MSCommNet will provide Maine’s law enforcement, public safety, and public service first responders, with VIDA-based interoperability for statewide agency communication without dispatcher intervention.
“We are confident that Maine’s public safety and public service users will receive a reliable, robust interoperable communications system from Harris that will provide the support they need to focus on the tasks they do best — protecting and assisting the residents of Maine,” Dana Mehnert, group president at Harris RF Communications, said in a company press release.
Nevada, Florida, Delaware and Pennsylvania are also developing statewide radio networks based on technology from Harris Corp. Supporting suppliers on the Harris winning bid include Jacobs Telecommunications, Radio Communications Management and Alcatel-Lucent.
OpenSky communications system leveraged in Illinois
Naperville and Aurora, Illinois will work with Harris to build a new Internet Protocol-based (IP) 700/800 MHz OpenSky communications system, the company announced today. The two cities will purchase the system under a joint agreement, which will provide enhanced in-building and outdoor coverage to provide reliable, interoperable communications between first responders and front-line emergency personnel.
“The taxpayers of Aurora have entrusted us to find a digital radio system that not only meets the communication needs of first responders, but also provides the best long-term value for their money.
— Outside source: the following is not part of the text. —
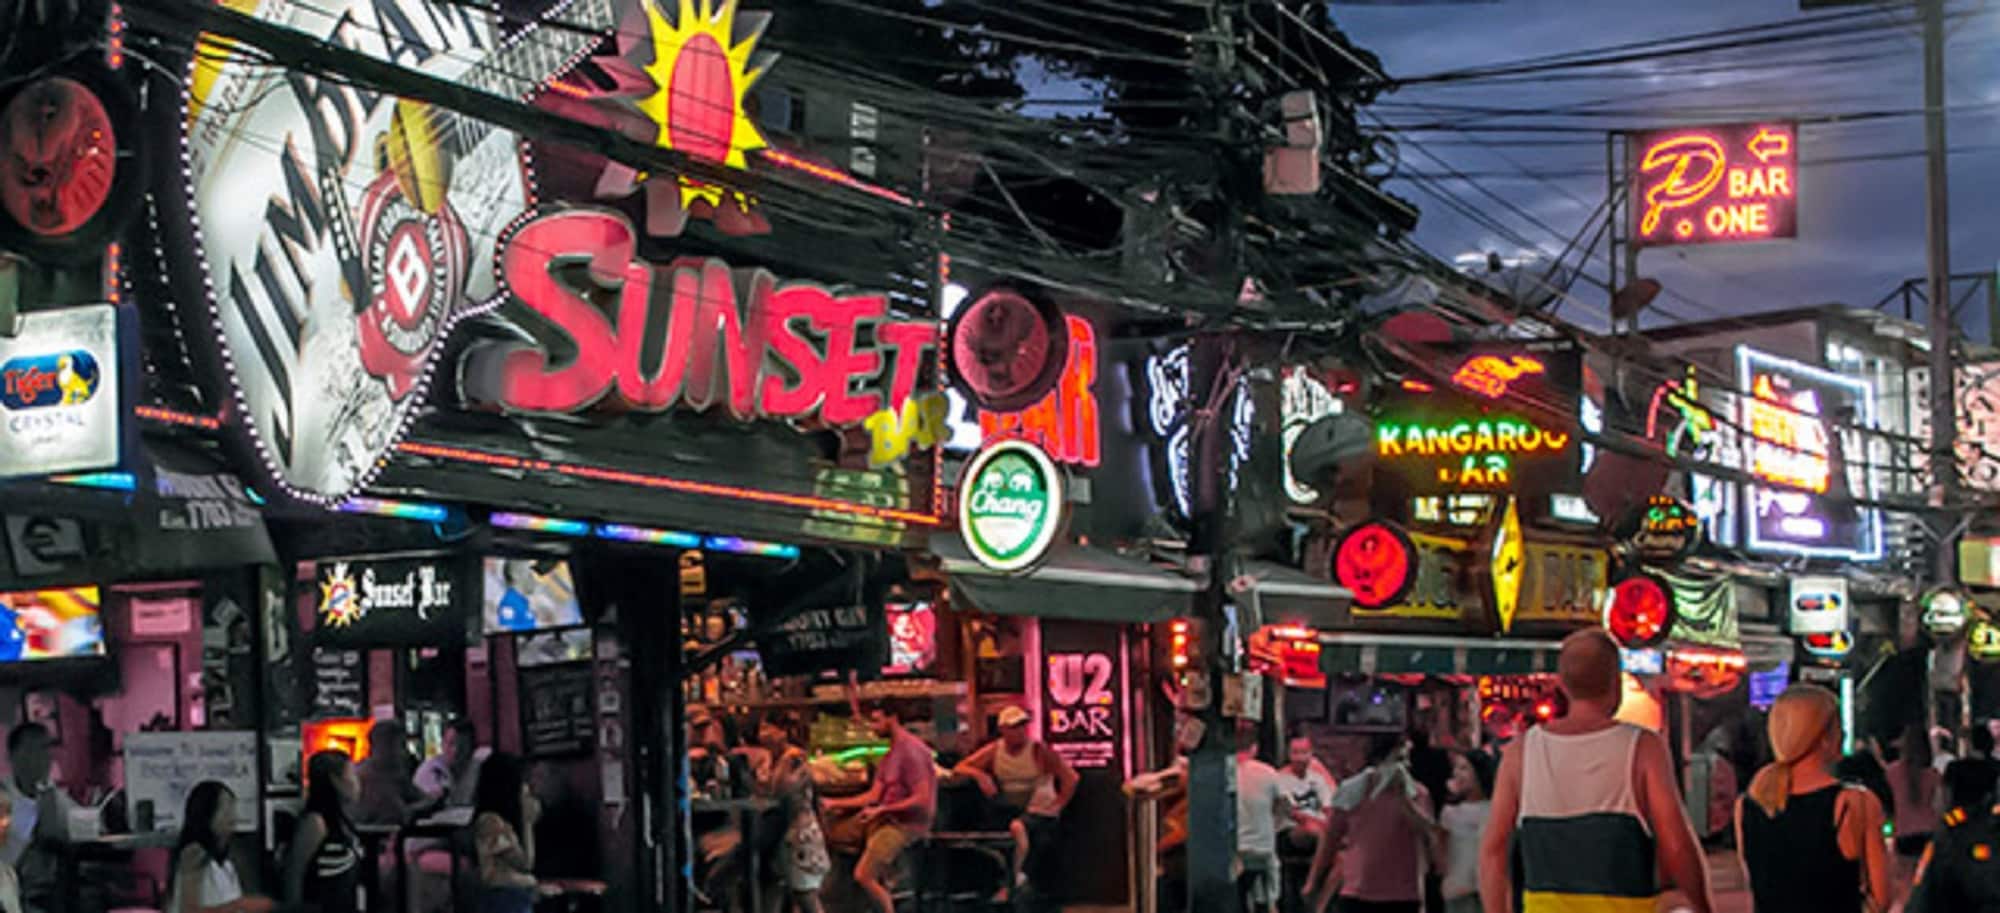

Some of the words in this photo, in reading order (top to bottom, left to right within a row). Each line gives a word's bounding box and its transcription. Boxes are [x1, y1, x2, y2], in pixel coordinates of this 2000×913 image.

OpenSky meets both those requirements,” said Ted Beck, chief technology officer, City of Aurora. “We worked closely with both Naperville and Harris to design a network that is ideal for our public safety personnel, and we can’t wait to have it operational and benefiting our community.”
The OpenSky network in the City of Aurora will have five sites, allowing for 40 simultaneous talkpaths, allowing the Aurora Police Department, as well as the Naperville Police Department, to utilize ‘hot’ standby IP switches to provide redundant reliability in the radio system’s configuration.
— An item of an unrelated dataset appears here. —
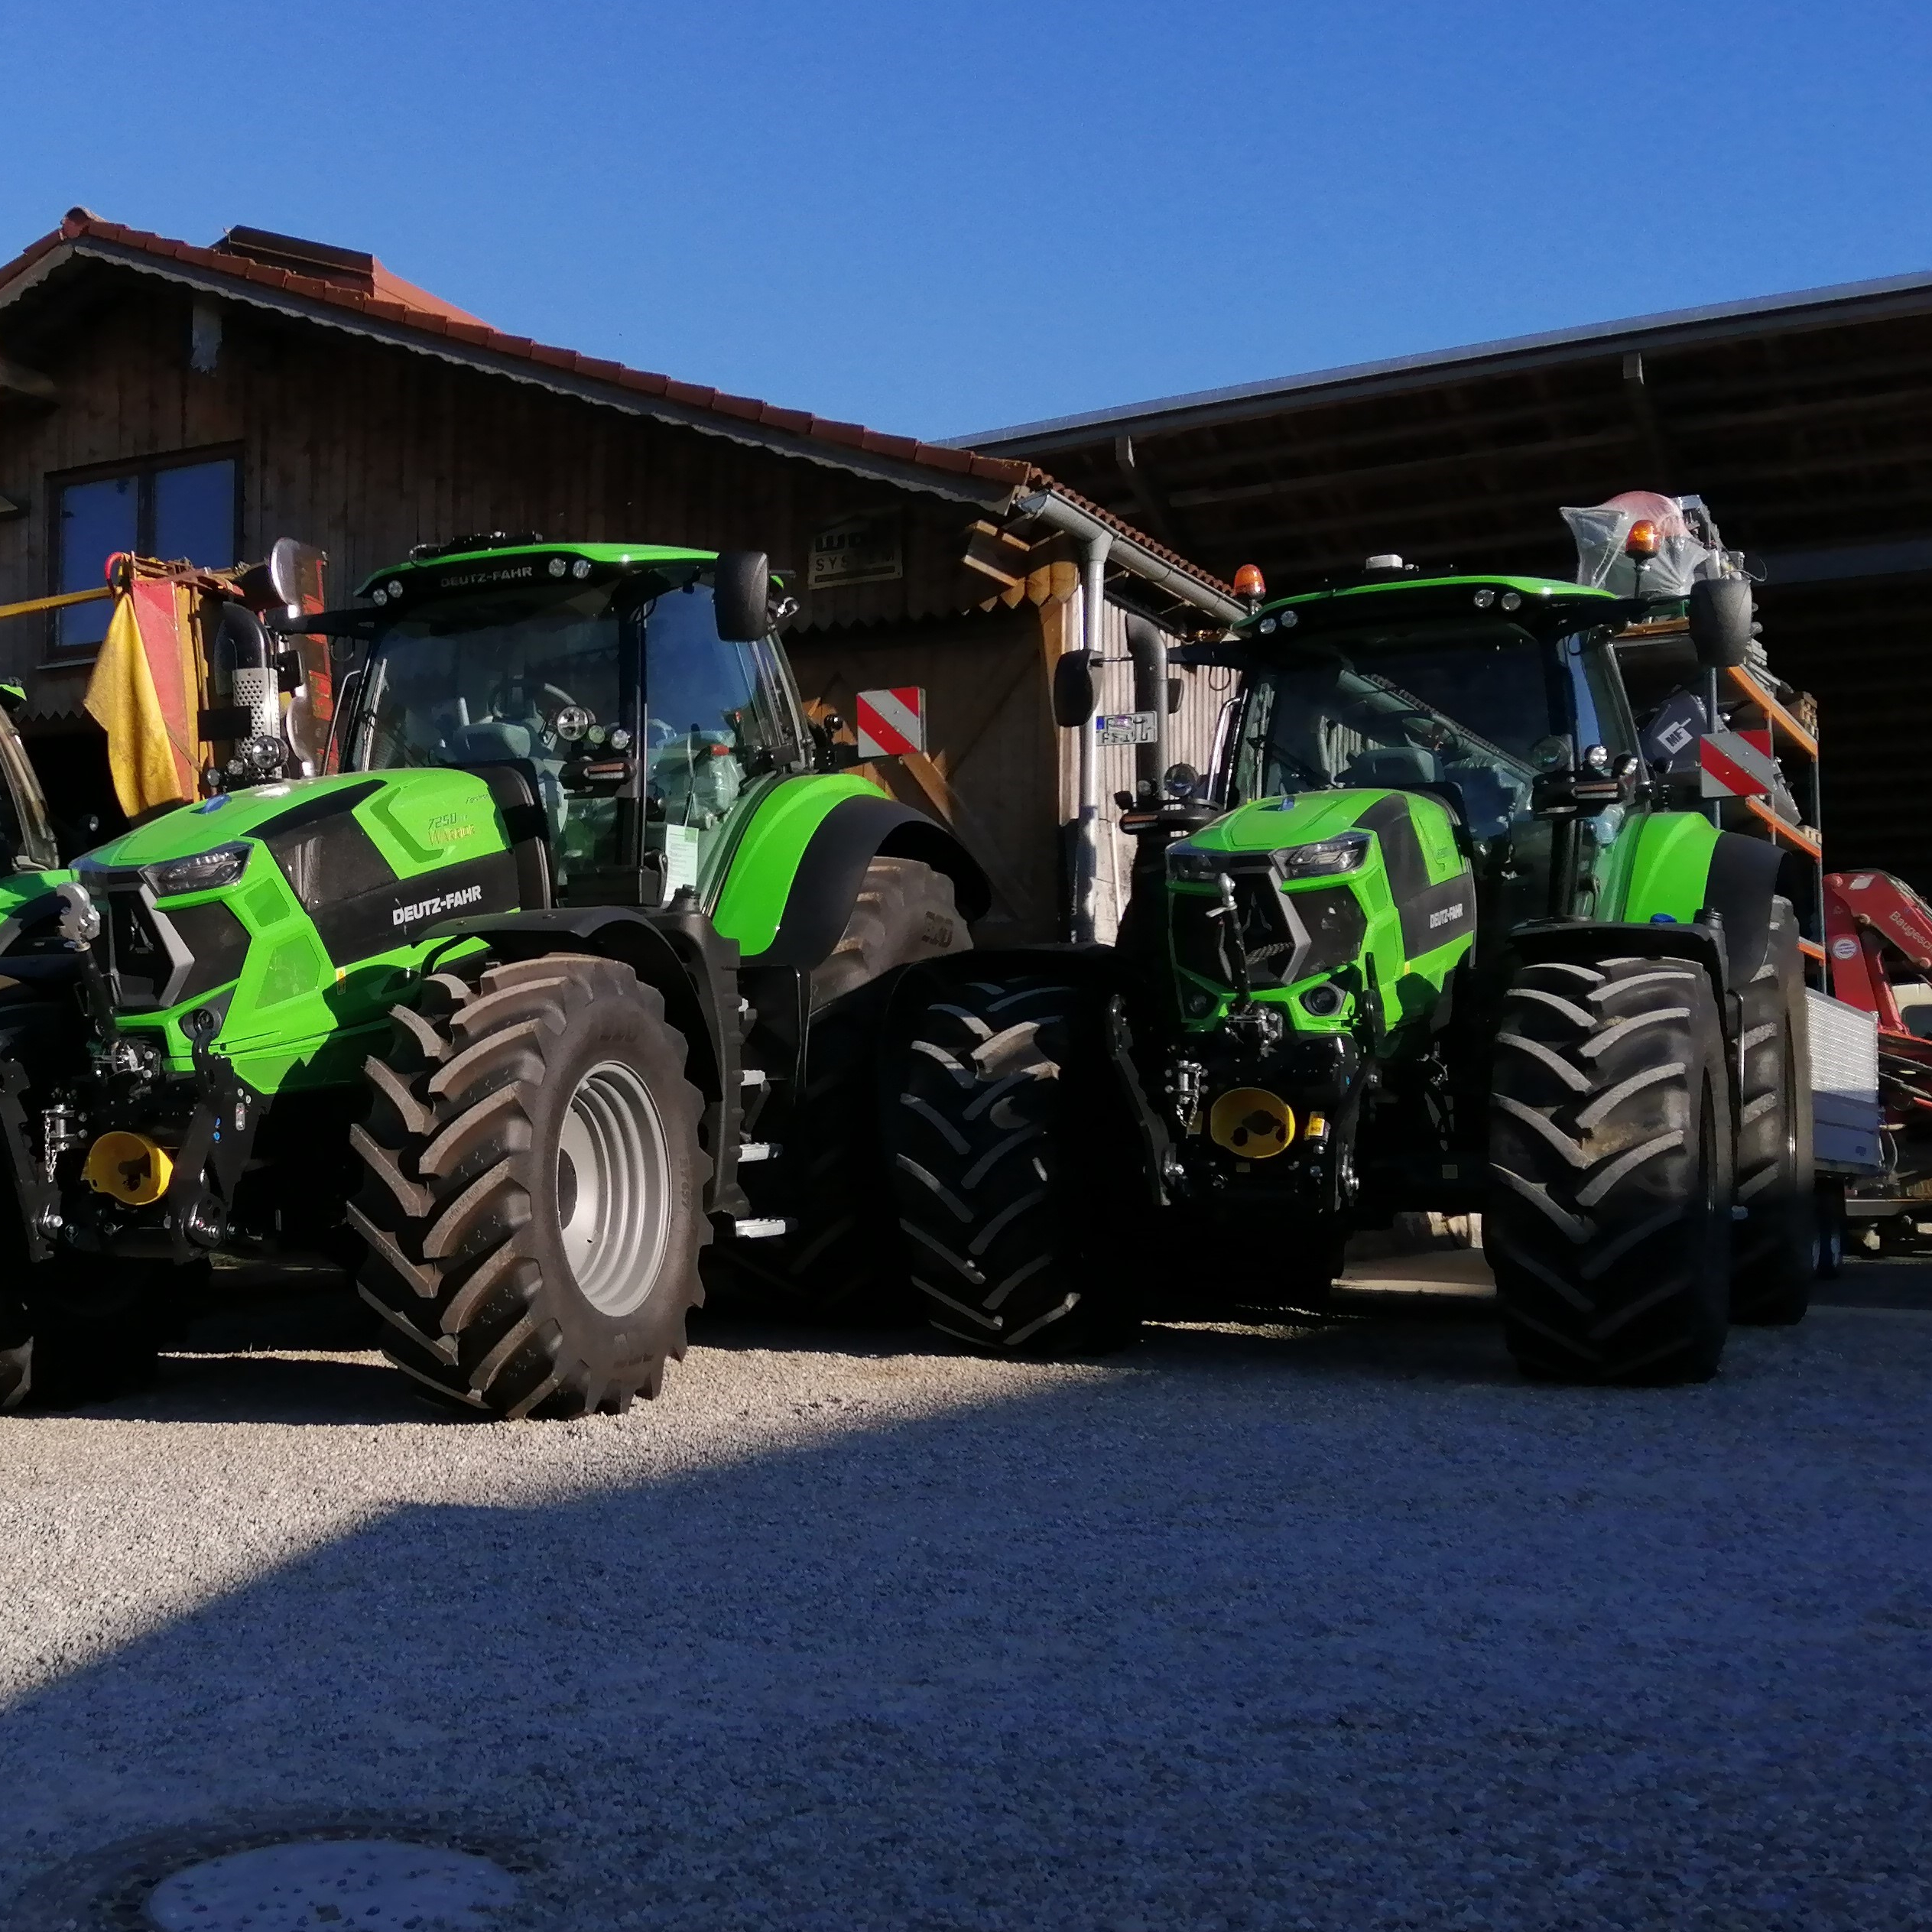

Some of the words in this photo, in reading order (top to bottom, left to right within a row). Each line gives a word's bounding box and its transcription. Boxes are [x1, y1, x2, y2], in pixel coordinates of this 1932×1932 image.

[441, 567, 532, 587] DEUTZ-FAHR
[427, 812, 457, 830] 7250
[392, 885, 482, 926] DEUTZ-FAHR
[1430, 903, 1463, 929] DEUTZ-FAHR
“Through its unique partnership with Naperville, Aurora is getting one of the most advanced communications networks available to help its first responders communicate better, and ultimately, protect the citizens of the region,” Chuck Dougherty, president of Harris Public Safety and Professional Communications, said in a statement.
Iowa gets Harris support for Joint Emergency Communications Center
In addition to the Maine statewide contract, Harris will partner with RACOM Corporation to design and deploy a radio system for Johnson County, Iowa’s Joint Emergency Communications Center. This new center consolidates all the police, fire and EMS dispatch operations of Iowa City with those of the Johnson County Sheriff’s Office.
“Last year’s devastating floods were a powerful reminder of the need for a reliable communications system that connects our first responders throughout the county with other public safety agencies across the state,” Johnson County Sheriff Lonny Pulkrabek, said.